Para compensar, la empresa holandesa de transporte de gas Gasunie está construyendo con urgencia una terminal en el puerto de Eemshaven, en Groningen. Se espera que con la contratación de dos buques de regasificación, GasTerra BV reciba al menos 8.000 millones de metros cúbicos de gas al año.

De acuerdo con Gazprom, el suministro hacia Países Bajo solos en 2020 fue de unos 11.810 millones de metros cúbicos al año, de acuerdo con la información publicada por la agencia rusa Interfax. Con esta decisión, Países Bajo se suma a la ya adoptada por Polonia, Bulgaria y Finlandia, a quienes se les ha confirmado también el fin de estos suministros.

El pasado 31 de marzo, por orden del presidente, Vladimir Putin, las empresas energéticas rusas se vieron obligadas a cobrar sus servicios con rublos para contrarrestar las sanciones europeas impuestas por la invasión de Ucrania hace ahora tres meses.

Situación en Dinamarca

Entre tanto, este martes, la compañía energética danesa Orsted, dio a conocer, a través de un nuevo comunicado, que su país se quedará, a partir del próximo miércoles, 1 de junio, a las 6:00 a.m., sin el servicio de abastecimiento de gas proveniente de Rusia; lo anterior, debido a que su país se ha mantenido en la decisión de no acceder a la exigencia rusa de pagar dichos recursos en rublos; su moneda local, y no en Euros.

Esta noticia había sido anticipada el pasado lunes por la misma compañía, que, en su momento, expresó la probabilidad de dicho panorama, explicando que no existe alguna clase de contrato que condicione la relación comercial, por lo que el el suministro con el que actualmente cuenta el país, solo iría hasta el final de la jornada de este martes, 31 de mayo de 2022.

En su comunicado, la compañía energética afirmó que “como no hay un gasoducto que vaya directamente de Rusia a Dinamarca, Rusia no podrá cortar directamente el suministro de gas, por lo el país tiene la oportunidad de seguir obteniendo gas a través de pares en Europa”

Esta situación se deriva de que Gazprom Export, empresa encargada de la exportación del gas ruso, se ha sostenido, en el marco de la estrategia para contrarrestar las sanciones impuestas por occidente a Rusia como represalia por la guerra en Ucrania, su política de exigir el pago de los recursos en rublos, situación a la que se negó Dinamarca.

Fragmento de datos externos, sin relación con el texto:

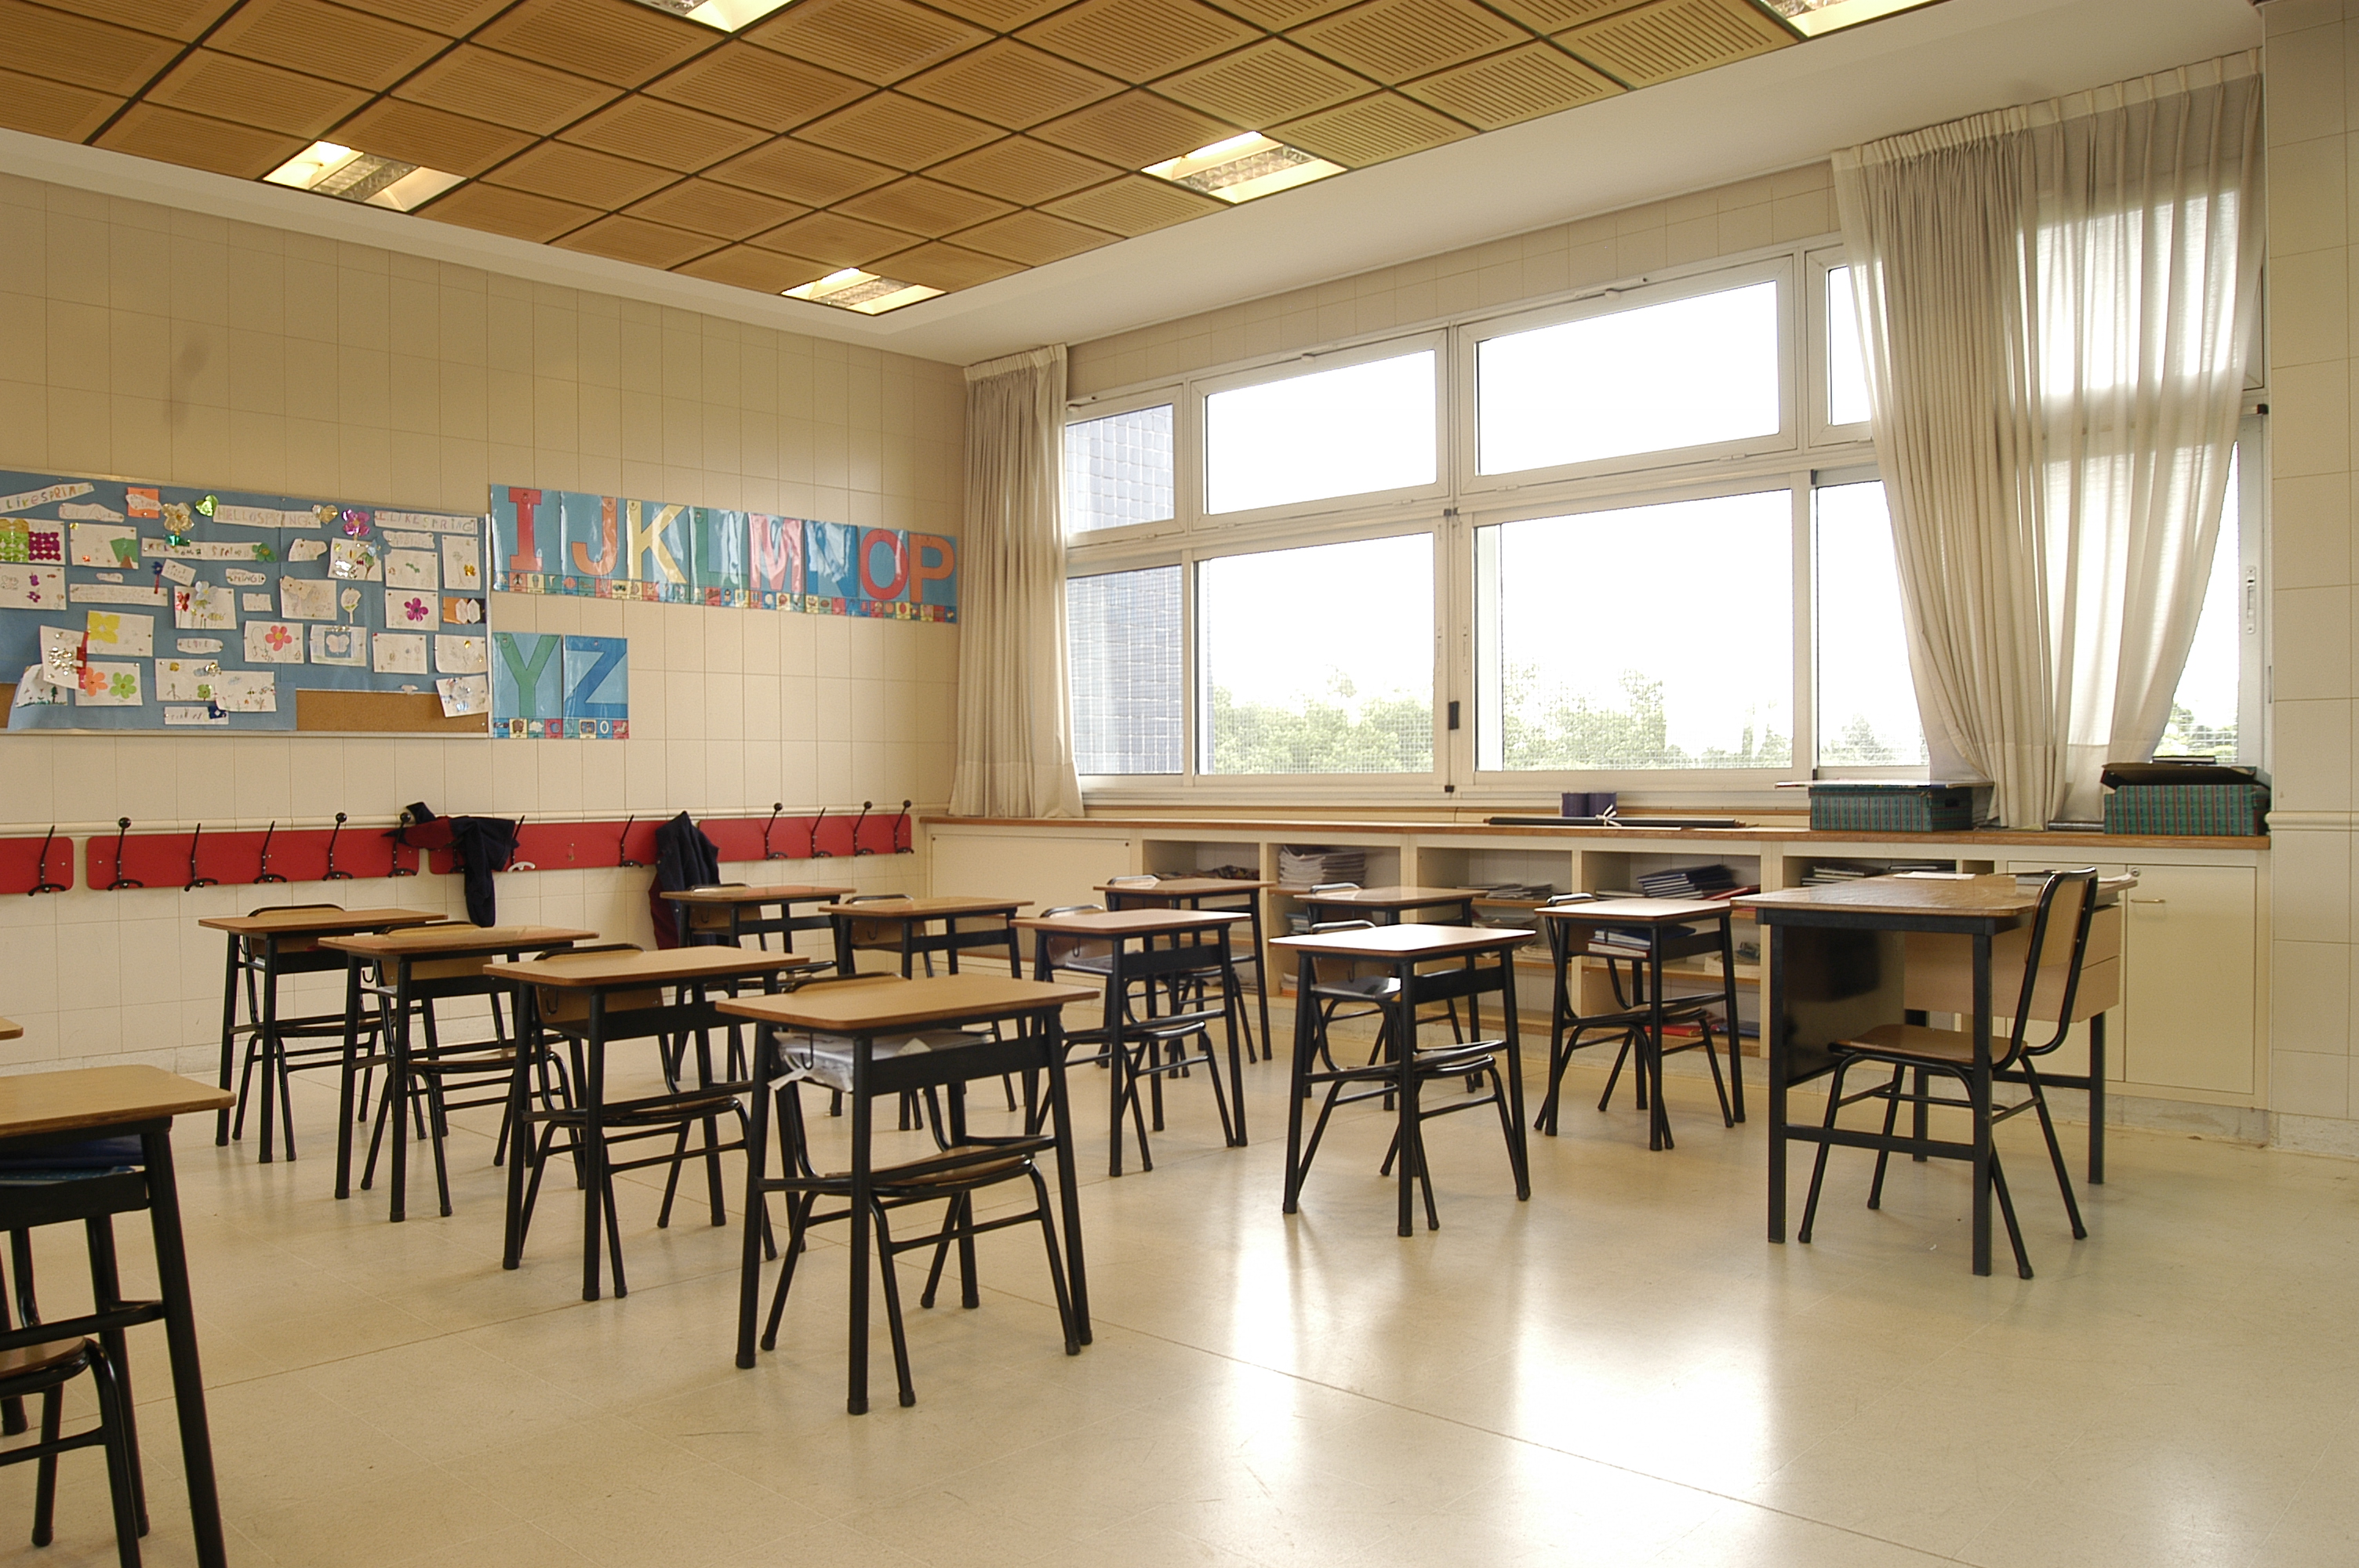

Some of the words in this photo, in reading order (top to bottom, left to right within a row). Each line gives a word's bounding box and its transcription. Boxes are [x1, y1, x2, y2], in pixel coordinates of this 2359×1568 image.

[507, 487, 542, 572] I
[571, 495, 618, 576] J
[627, 499, 689, 584] K
[748, 511, 803, 593] M
[805, 521, 858, 598] N
[860, 528, 910, 601] O
[907, 533, 955, 603] P
[493, 633, 561, 718] Y
[563, 635, 627, 718] Z

Dentro de las políticas de Rusia para contrarrestar dichas sanciones, también está la imposición a sus compradores europeos de que dichos pagos por el suministro de gas, se hagan, además de en rublos, a través de entidades financieras rusas, con el objetivo de mitigar los impactos que, sobre ese sector han tenido las medidas de occidente.

El pasado lunes, luego de conocerse la alerta por parte de la empresa Orsted , la entidad recibió el beneplácito por parte de las autoridades civiles de Dinamarca, e incluso su primera ministra, Mette Frederiksen, quien se manifestó desde Bruselas, Bélgica, para expresar su respaldo a la decisión.

Tras confirmarse el hecho, la empresa danesa dio a conocer que trabaja en el ‘aprovisionamiento’ de sus reservas en Dinamarca y Alemania, con el objetivo de que la crisis, por el no abastecimiento, llegue a golpear a los ciudadanos.

Se estima que el gas ruso representa cerca del 18 % del consumo energético anual de Dinamarca.

Estas tensiones se derivan de la ocupación de Rusia a Ucrania, invasión que, el pasado 24 de mayo cumplió 3 meses, y que, según la Onu ya ha dejado más de 4.100 personas muertas, y millones de refugiados.